Using Apache Oozie for automating streaming map-reduce job

In the WordCount MapReduce program using Hadoop streaming and python i talked about how to create a Streaming map-reduce job using python. I wanted to figure out how to automate that program using Oozie workflow so i followed these steps
  1. First step was to create a folder called streaming on my local machine and copying of mapper.py, reducer.py into the streaming folder, i also create the place holder for job.properties and workflow.xml
  2. Next i did create a job.properties file like this Now this job.properties is quite similar to the job.properties for java mapreduce job, only difference is you must set oozie.use.system.libpath=true, by default the streaming related jars are not included in the classpath, so unless you set that value to true you will get following error
    
    2014-07-23 06:15:13,170 WARN org.apache.hadoop.mapred.Child: Error running child
    java.lang.RuntimeException: java.lang.RuntimeException: java.lang.ClassNotFoundException: Class org.apache.hadoop.streaming.Pi
    peMapRunner not found
     at org.apache.hadoop.conf.Configuration.getClass(Configuration.java:1649)
     at org.apache.hadoop.mapred.JobConf.getMapRunnerClass(JobConf.java:1010)
     at org.apache.hadoop.mapred.MapTask.runOldMapper(MapTask.java:413)
     at org.apache.hadoop.mapred.MapTask.run(MapTask.java:332)
     at org.apache.hadoop.mapred.Child$4.run(Child.java:268)
     at java.security.AccessController.doPrivileged(Native Method)
     at javax.security.auth.Subject.doAs(Subject.java:396)
     at org.apache.hadoop.security.UserGroupInformation.doAs(UserGroupInformation.java:1408)
     at org.apache.hadoop.mapred.Child.main(Child.java:262)
    Caused by: java.lang.RuntimeException: java.lang.ClassNotFoundException: Class org.apache.hadoop.streaming.PipeMapRunner not f
    ound
     at org.apache.hadoop.conf.Configuration.getClass(Configuration.java:1617)
     at org.apache.hadoop.conf.Configuration.getClass(Configuration.java:1641)
     ... 8 more
    Caused by: java.lang.ClassNotFoundException: Class org.apache.hadoop.streaming.PipeMapRunner not found
     at org.apache.hadoop.conf.Configuration.getClassByName(Configuration.java:1523)
     at org.apache.hadoop.conf.Configuration.getClass(Configuration.java:1615)
     ... 9 more
    2014-07-23 06:15:13,175 INFO org.apache.hadoop.mapred.Task: Runnning cleanup for the task
    
  3. Next step in the process is to create workflow.xml file like this, make sure to add <file>mapper.py#mapper.py</file> element in the workflow.xml, which takes care of putting the mapper.py and reducer.py in the sharedlib and creating symbolic link to these two files.
  4. Upload the streaming folder with all your changes on hdfs by executing following command
    
    hdfs dfs -put streaming streaming
    
  5. You can trigger the oozie workflow by executing following command
    
    oozie job -oozie http://localhost:11000/oozie -config streaming/job.properties -run
    

13 comments:

gowsalya said...

The knowledge of technology you have been sharing thorough this post is very much helpful to develop new idea. here by i also want to share this.

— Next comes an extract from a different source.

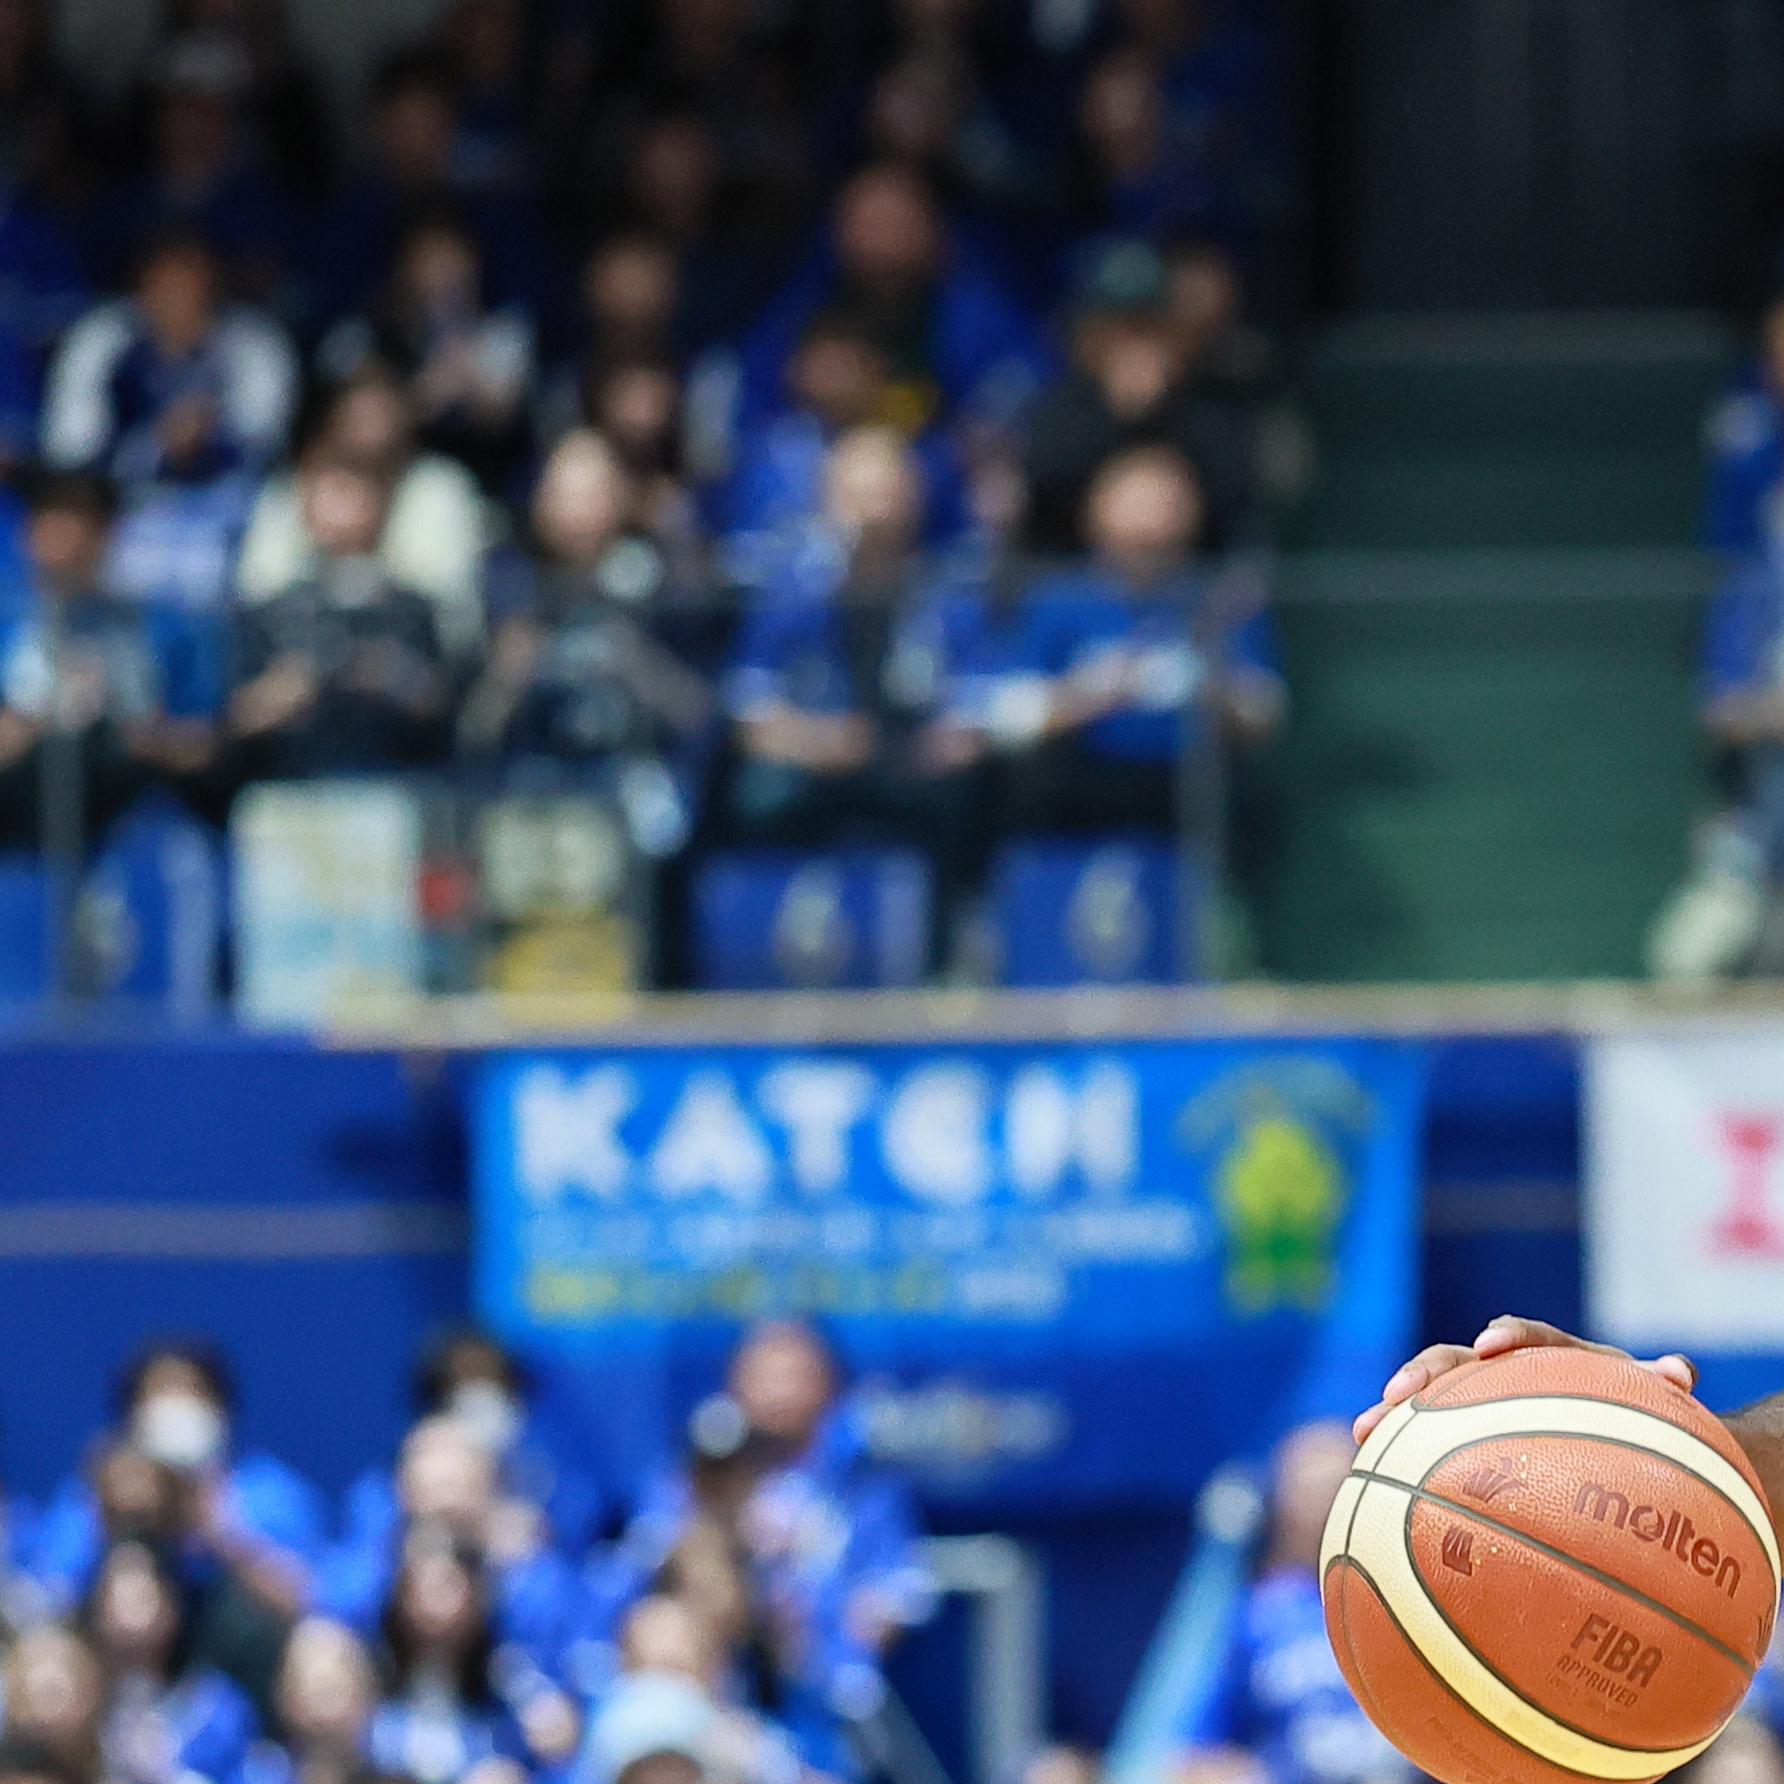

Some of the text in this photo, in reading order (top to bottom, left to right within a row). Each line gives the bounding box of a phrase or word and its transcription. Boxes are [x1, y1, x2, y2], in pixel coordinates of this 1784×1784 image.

[1574, 1482, 1742, 1599] molten
[1556, 1655, 1639, 1708] APPROVED
[1570, 1613, 1664, 1689] FIBA

Devops Training in pune|Devops training in tambaram|Devops training in velachery|Devops training in annanagar
DevOps online Training

Mounika said...

This is beyond doubt a blog significant to follow. You’ve dig up a great deal to say about this topic, and so much awareness. I believe that you recognize how to construct people pay attention to what you have to pronounce, particularly with a concern that’s so vital. I am pleased to suggest this blog.
python training in chennai
python training in chennai
python training in Bangalore

Unknown said...

Excellant post!!!. The strategy you have posted on this technology helped me to get into the next level and had lot of information in it.

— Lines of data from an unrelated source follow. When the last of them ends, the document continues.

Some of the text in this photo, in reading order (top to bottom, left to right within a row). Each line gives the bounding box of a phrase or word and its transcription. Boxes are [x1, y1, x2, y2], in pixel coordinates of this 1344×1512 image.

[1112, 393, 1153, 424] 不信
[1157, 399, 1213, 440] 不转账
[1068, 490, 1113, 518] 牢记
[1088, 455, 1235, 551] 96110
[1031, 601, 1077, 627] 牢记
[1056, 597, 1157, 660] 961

java training in chennai | java training in bangalore

java online training | java training in pune

nivatha said...

Really you have done great job,There are may person searching about that now they will find enough resources by your post
Data Science training in kalyan nagar | Data Science training in OMR
Data Science training in chennai | Data science training in velachery
Data science training in jaya nagar

dwarakesh said...

Whoa! I’m enjoying the template/theme of this website. It’s simple, yet effective. A lot of times it’s very hard to get that “perfect balance” between superb usability and visual appeal. I must say you’ve done a very good job with this.


AWS Training in Velachery | Best AWS Course in Velachery,Chennai

Best AWS Training in Chennai | AWS Training Institutes |Chennai,Velachery

Amazon Web Services Training in Anna Nagar, Chennai |Best AWS Training in Anna Nagar, Chennai

Amazon Web Services Training in OMR , Chennai | Best AWS Training in OMR,Chennai


Amazon Web Services Training in Tambaram, Chennai|Best AWS Training in Tambaram, Chennai


AWS Training in Chennai | AWS Training Institute in Chennai Velachery, Tambaram, OMR

Anoushka Sakthi said...

Its my great pleasure to be here on your article!! for sure ill be back to read the next blog of yours.

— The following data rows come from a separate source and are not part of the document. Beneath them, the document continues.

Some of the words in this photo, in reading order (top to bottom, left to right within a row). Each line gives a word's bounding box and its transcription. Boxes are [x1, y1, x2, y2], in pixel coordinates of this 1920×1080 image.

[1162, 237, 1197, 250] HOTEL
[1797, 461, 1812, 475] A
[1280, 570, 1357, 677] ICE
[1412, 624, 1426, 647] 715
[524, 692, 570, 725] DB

Selenium Training in Chennai
Best selenium training in chennai
iOS Training in Chennai
.Net coaching centre in chennai
French Classes in Chennai
Big Data Training in Chennai
best cloud computing training in chennai
cloud computing certification

Vicky Ram said...

Wonderful piece of work. Master stroke. I have become a fan of your words. Pls keep on writing.

Guest posting sites
Education

nash b said...

Excellent Post...
final year project proposal for information technology

free internship for bca

web designing training in chennai

internship in coimbatore for ece

machine learning internship in chennai

6 months training with stipend in chennai

final year project for it

inplant training in chennai for ece students

industrial training report for electronics and communication

inplant training certificate

nash b said...

Keep Share..
snowflake interview questions and answers

inline view in sql server

a watch was sold at loss of 10

resume format for fresher lecturer in engineering college doc

qdxm:sfyn::uioz:

java developer resume 6 years experience

please explain in brief why you consider yourself suitable for the position applied for

windows 10 french iso kickass

max int javascript

tp link router password hack

Prwatech said...

Wow! Such an amazing and helpful post this is. I really really love it. I hope that you continue to do your work like this in the future also.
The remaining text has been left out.